Room service is absent from these hotels—and staying or sleeping in during the day is prohibited. Your comments on how hospitality transforms in DPRK…
It's a guided tour and you are chaperoned the entire time. While this is more or less unique these days, this was often the habit when visiting countries of the Soviet Union and behind the Iron Curtain.
Would you say that the prospect of visiting a culture—in the material, physical sense and otherwise—like North Korea, is comparable to a long, subversive amusement park experience?
Not really. Yes, it's different, but the more time you spend with people there you understand that the totalitarian regime is a backdrop to more or less 'normal lives' that resemble life in the western world where people similarly seek relationships, want to improve careers and care for their children.
Any experiences with the hotel staff that stand out in particular?
Taking portraits took a long time because the staff were so modest that they didn't think they deserved to be photographed. Our guides helped us convince them and they were excited when they saw the images.

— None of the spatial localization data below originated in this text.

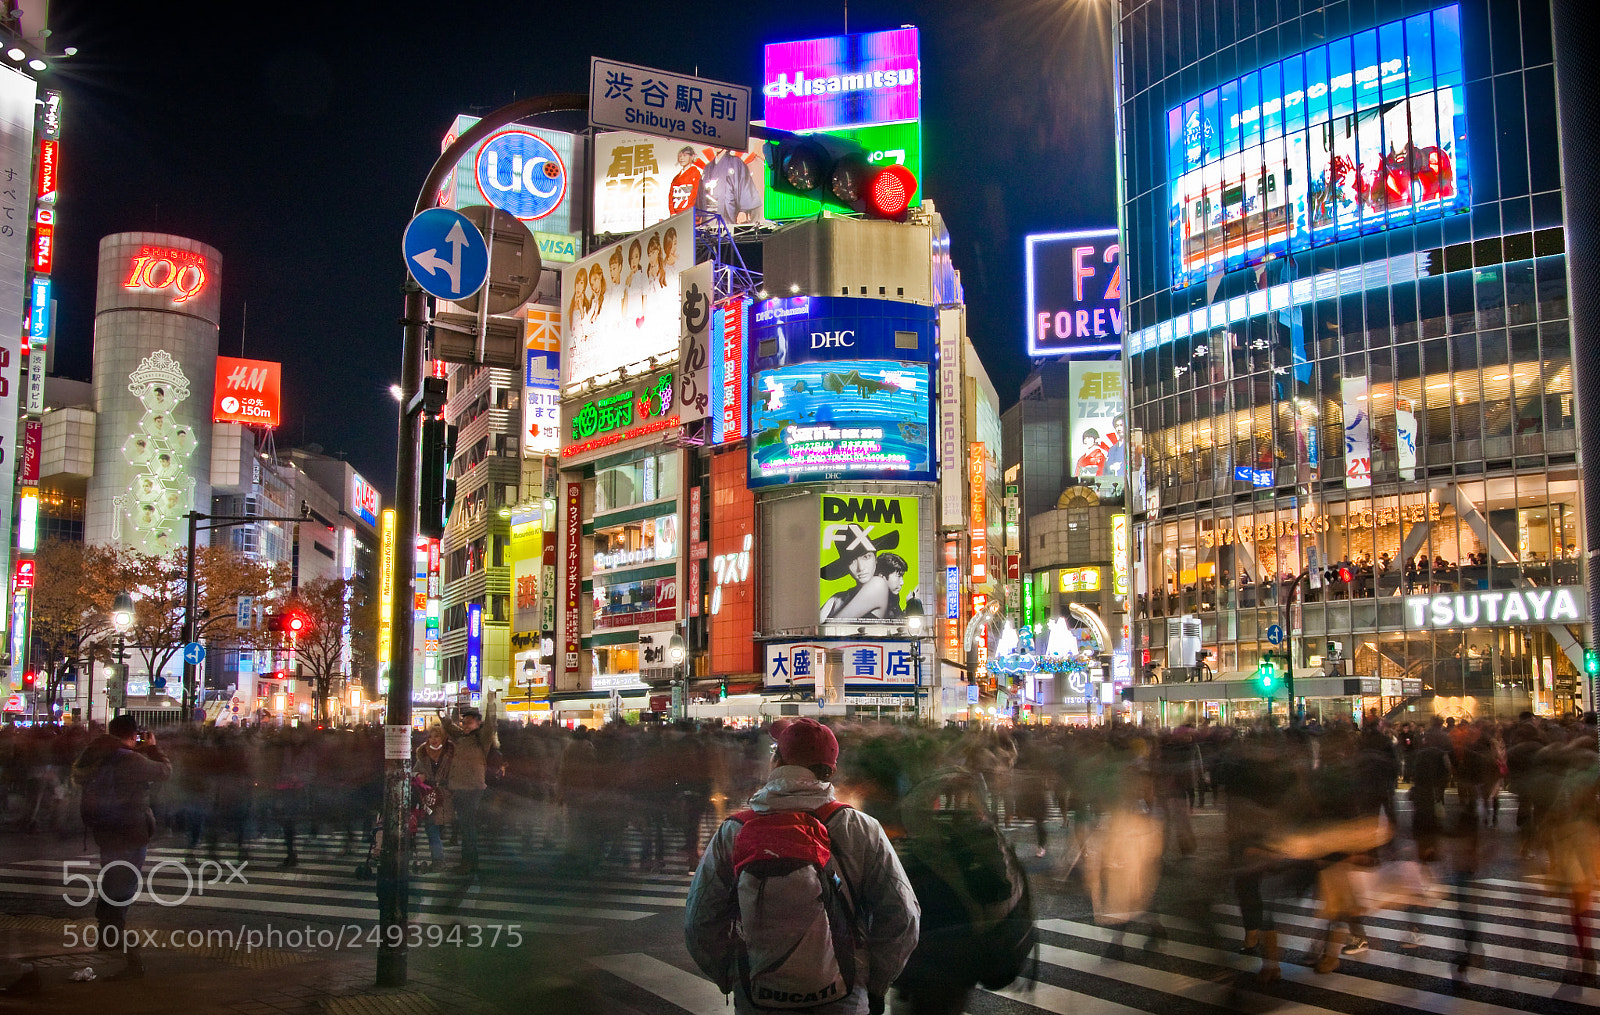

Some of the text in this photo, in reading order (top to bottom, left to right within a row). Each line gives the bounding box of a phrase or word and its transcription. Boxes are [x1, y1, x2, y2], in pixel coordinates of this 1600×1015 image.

[605, 70, 738, 122] 渋谷駅前
[763, 69, 914, 99] Hisamitsu
[625, 107, 721, 138] Shibuya Sta.
[1, 167, 18, 238] すべての
[38, 236, 50, 266] ガスト
[143, 247, 204, 265] SHIBUYA
[539, 240, 574, 256] VISA
[123, 256, 206, 302] 109
[774, 304, 810, 319] Channel
[527, 312, 561, 351] 本
[810, 330, 855, 349] DHC
[682, 282, 710, 416] もんじゃ
[30, 355, 42, 409] 渋谷駅前ビル
[227, 366, 268, 393] H&M
[722, 308, 737, 434] 三千里薬品
[241, 398, 263, 407] この先
[241, 406, 271, 418] 150m
[598, 401, 632, 432] 西村
[943, 334, 957, 470] Taisei neon
[825, 472, 842, 480] DHC
[972, 446, 984, 523] クスリのことなら
[823, 496, 903, 524] DMM
[822, 524, 877, 552] FX
[1204, 514, 1330, 549] STARBUCKS
[568, 505, 577, 600] ウィンターフルーツギフト
[517, 573, 538, 609] 薬
[657, 582, 676, 603] JTB
[1408, 589, 1579, 626] TSUTAYA
[772, 649, 911, 678] 大盛書店
[757, 980, 838, 1002] DUCATI

When you say "hotels tend to be more neutral spaces, where visitors are not regulated in the same way"—what is it that you mean? Could you briefly illustrate with an example or two?

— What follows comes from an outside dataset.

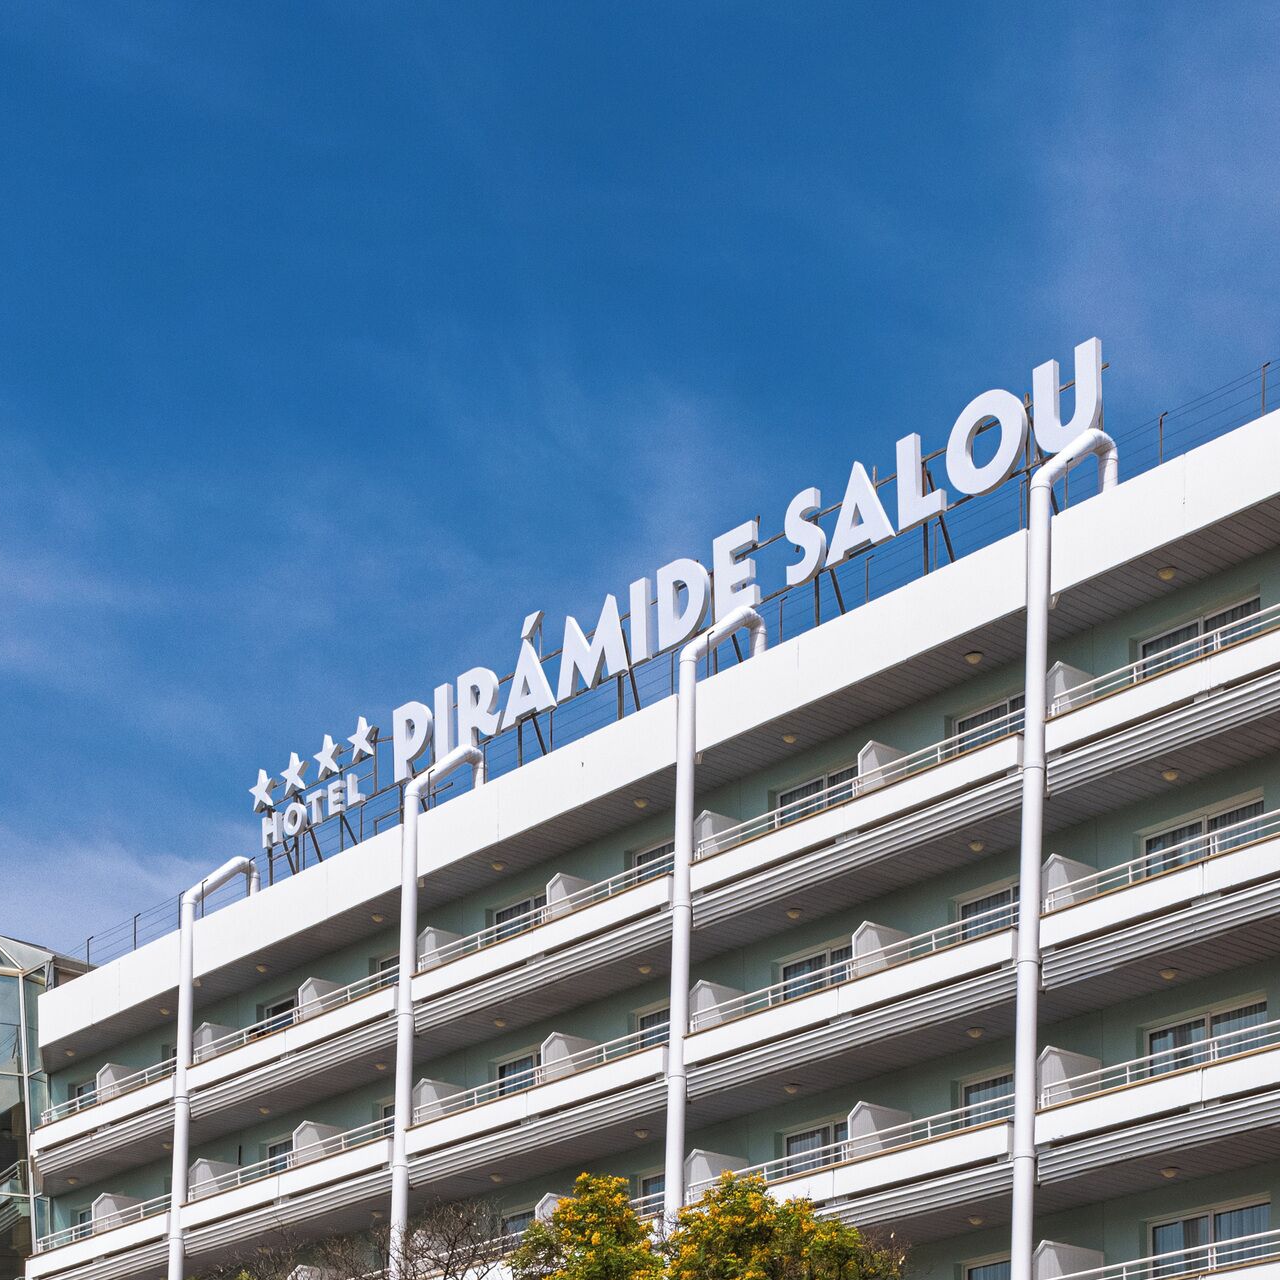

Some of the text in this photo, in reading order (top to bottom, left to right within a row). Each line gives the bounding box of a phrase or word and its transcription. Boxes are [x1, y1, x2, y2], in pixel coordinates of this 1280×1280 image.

Being in the hotels of the evening are rare times when you are not being on a guided tour. It's the [most] free you feel as a tourist being in North Korea even though you are confined to the hotel. This means you can visit bars of the hotel, and speak to staff and guests and learn about the culture away from museums and officially decreed sites.
What was the thought you put into capturing these hotels visually—that is, from the POV of photography? And is the bare minimal look of the cover of the book a nod to the austerity of these spaces?
North Korea has a lot of vibrant pastel colours so capturing images that brought out this great colour was important. Also, a lot of the lobbies and exteriors were very grand, which meant that it was essential to capture the entirety of the shots.
The choice of grey and pink was to be reflective of colours prominently seen in North Korea. Using vectors of the hotels was to represent the hotels as a collection of individual hotels were sought to capture and document. While North Korea is superficially a very uniform society, we wanted to show that the individual look, feel and management of the hotels represented the wider complexities of a place like North Korea that our Western assumptions often overlook.